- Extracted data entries
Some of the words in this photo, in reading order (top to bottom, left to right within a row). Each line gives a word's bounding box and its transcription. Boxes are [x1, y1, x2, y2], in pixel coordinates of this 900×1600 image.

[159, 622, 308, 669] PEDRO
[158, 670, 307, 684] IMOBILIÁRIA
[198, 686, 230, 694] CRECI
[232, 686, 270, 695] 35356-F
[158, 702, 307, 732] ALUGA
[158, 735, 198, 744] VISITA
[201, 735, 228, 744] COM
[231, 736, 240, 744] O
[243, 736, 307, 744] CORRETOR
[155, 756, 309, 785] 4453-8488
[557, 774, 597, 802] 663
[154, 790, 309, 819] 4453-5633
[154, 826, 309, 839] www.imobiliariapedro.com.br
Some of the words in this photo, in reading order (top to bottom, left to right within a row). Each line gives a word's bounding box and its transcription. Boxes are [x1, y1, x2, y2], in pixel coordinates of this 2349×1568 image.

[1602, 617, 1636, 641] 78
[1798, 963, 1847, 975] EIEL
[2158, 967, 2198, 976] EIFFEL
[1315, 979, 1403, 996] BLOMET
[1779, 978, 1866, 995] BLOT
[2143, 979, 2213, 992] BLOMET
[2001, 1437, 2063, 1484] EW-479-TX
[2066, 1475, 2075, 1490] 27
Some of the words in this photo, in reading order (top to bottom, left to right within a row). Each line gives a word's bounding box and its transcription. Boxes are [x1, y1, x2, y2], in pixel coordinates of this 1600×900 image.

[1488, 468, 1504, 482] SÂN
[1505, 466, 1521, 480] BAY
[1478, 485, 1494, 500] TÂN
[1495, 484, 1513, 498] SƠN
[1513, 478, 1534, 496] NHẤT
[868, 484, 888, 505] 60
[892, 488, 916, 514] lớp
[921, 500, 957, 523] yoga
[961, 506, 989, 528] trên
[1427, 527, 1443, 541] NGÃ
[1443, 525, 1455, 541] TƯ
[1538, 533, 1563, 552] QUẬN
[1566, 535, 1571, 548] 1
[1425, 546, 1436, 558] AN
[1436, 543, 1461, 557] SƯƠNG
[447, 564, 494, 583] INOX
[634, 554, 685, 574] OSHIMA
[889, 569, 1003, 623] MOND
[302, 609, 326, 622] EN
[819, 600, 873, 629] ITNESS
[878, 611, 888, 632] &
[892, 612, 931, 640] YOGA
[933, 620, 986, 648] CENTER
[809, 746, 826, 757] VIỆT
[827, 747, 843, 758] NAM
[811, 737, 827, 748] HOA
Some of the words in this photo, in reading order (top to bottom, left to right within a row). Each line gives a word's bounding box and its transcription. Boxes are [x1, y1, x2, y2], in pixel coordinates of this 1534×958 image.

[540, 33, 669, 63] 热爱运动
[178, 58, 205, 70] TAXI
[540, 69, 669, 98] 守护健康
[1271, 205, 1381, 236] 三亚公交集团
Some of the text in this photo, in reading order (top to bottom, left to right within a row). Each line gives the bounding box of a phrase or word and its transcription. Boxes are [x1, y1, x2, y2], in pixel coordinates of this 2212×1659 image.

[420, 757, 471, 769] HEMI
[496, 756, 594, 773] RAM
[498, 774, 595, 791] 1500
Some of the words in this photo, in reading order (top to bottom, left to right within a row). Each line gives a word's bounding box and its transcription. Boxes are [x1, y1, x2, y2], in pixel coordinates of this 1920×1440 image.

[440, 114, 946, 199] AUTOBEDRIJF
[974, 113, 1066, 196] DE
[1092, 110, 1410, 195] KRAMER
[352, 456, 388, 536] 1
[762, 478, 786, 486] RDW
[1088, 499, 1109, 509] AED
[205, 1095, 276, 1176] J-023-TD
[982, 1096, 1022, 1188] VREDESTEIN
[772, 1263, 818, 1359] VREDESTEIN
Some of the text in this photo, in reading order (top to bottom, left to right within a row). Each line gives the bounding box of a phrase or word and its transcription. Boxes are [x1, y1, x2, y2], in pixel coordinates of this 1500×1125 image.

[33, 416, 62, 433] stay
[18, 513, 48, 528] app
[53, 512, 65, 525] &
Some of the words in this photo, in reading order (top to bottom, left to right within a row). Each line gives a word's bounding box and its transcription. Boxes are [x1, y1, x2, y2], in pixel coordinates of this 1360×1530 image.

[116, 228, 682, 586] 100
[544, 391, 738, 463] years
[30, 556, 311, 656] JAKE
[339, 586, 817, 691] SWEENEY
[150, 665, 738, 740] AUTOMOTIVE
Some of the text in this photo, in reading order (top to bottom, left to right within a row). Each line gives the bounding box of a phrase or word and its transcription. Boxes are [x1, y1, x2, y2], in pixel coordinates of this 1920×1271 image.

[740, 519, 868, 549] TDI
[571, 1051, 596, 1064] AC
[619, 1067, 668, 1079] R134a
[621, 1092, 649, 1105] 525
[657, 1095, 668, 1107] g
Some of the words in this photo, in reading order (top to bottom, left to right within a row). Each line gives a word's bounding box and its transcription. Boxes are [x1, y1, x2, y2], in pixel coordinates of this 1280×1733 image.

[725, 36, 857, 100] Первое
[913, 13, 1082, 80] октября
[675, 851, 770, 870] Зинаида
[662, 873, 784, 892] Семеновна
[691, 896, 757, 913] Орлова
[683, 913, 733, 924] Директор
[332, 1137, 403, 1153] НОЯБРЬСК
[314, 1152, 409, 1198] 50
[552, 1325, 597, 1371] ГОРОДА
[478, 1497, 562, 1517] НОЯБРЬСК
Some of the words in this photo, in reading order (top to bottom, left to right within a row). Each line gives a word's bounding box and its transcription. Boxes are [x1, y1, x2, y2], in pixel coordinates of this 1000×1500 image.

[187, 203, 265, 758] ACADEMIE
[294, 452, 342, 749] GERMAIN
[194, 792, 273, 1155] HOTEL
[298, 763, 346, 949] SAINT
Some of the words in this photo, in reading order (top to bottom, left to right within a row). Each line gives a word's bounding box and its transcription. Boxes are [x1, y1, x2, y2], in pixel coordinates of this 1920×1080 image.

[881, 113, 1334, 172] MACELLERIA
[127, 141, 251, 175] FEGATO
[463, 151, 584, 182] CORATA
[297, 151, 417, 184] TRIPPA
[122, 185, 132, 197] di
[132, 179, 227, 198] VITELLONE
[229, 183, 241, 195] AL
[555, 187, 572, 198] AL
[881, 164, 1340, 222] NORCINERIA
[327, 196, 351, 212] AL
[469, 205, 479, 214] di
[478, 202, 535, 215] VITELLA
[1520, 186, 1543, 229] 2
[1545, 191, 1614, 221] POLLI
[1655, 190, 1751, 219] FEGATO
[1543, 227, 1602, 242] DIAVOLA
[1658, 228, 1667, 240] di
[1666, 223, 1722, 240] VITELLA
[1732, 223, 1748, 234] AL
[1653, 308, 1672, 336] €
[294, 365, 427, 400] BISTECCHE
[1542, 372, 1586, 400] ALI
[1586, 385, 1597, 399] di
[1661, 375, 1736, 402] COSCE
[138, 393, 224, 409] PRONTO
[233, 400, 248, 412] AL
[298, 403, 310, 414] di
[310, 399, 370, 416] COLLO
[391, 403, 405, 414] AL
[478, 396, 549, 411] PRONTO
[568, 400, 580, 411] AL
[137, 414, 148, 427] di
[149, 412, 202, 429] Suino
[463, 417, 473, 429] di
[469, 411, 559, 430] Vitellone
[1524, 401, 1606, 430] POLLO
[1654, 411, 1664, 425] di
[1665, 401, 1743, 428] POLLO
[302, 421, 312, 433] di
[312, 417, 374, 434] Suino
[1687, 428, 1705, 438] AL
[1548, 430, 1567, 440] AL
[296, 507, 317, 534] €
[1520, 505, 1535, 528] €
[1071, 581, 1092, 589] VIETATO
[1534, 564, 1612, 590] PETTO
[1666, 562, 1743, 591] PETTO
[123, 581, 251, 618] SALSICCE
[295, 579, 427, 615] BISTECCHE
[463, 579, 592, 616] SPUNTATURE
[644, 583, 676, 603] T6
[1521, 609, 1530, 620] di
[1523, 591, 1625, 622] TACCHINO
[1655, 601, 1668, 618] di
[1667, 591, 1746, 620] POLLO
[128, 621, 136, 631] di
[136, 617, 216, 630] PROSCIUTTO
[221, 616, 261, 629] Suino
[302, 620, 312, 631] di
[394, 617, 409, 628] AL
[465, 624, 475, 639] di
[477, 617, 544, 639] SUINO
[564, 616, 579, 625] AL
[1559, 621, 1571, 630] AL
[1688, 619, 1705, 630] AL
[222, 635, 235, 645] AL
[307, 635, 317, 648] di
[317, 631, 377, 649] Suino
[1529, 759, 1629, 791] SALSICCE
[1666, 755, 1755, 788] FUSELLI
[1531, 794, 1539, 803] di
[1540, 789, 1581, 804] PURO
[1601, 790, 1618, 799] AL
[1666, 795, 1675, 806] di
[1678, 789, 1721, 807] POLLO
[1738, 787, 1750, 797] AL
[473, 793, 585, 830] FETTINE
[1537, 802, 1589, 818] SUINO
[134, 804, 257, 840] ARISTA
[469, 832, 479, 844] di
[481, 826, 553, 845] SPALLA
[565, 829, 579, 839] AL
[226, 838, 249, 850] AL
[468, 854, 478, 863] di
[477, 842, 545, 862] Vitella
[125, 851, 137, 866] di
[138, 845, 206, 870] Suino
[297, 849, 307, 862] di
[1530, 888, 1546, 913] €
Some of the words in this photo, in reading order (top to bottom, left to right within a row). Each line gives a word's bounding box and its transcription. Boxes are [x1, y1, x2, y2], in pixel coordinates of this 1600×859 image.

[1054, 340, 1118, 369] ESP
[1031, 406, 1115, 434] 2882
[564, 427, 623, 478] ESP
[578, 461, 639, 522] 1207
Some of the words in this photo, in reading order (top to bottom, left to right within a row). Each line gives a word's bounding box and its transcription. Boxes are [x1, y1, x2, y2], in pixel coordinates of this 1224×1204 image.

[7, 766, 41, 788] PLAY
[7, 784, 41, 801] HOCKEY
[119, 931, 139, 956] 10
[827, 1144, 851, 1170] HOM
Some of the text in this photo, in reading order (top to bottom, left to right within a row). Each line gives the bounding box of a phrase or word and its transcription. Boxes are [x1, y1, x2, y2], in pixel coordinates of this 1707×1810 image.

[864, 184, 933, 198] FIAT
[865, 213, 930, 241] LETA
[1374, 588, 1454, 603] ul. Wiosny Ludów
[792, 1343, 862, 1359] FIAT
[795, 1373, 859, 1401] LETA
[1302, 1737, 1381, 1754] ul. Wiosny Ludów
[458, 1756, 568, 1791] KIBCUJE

- Work to be completed
Answer with the exact lines running from the one that contains "this 1707×1810 image." through the last line of the data. Include no other line.

- Reply to the task
Some of the text in this photo, in reading order (top to bottom, left to right within a row). Each line gives the bounding box of a phrase or word and its transcription. Boxes are [x1, y1, x2, y2], in pixel coordinates of this 1707×1810 image.

[864, 184, 933, 198] FIAT
[865, 213, 930, 241] LETA
[1374, 588, 1454, 603] ul. Wiosny Ludów
[792, 1343, 862, 1359] FIAT
[795, 1373, 859, 1401] LETA
[1302, 1737, 1381, 1754] ul. Wiosny Ludów
[458, 1756, 568, 1791] KIBCUJE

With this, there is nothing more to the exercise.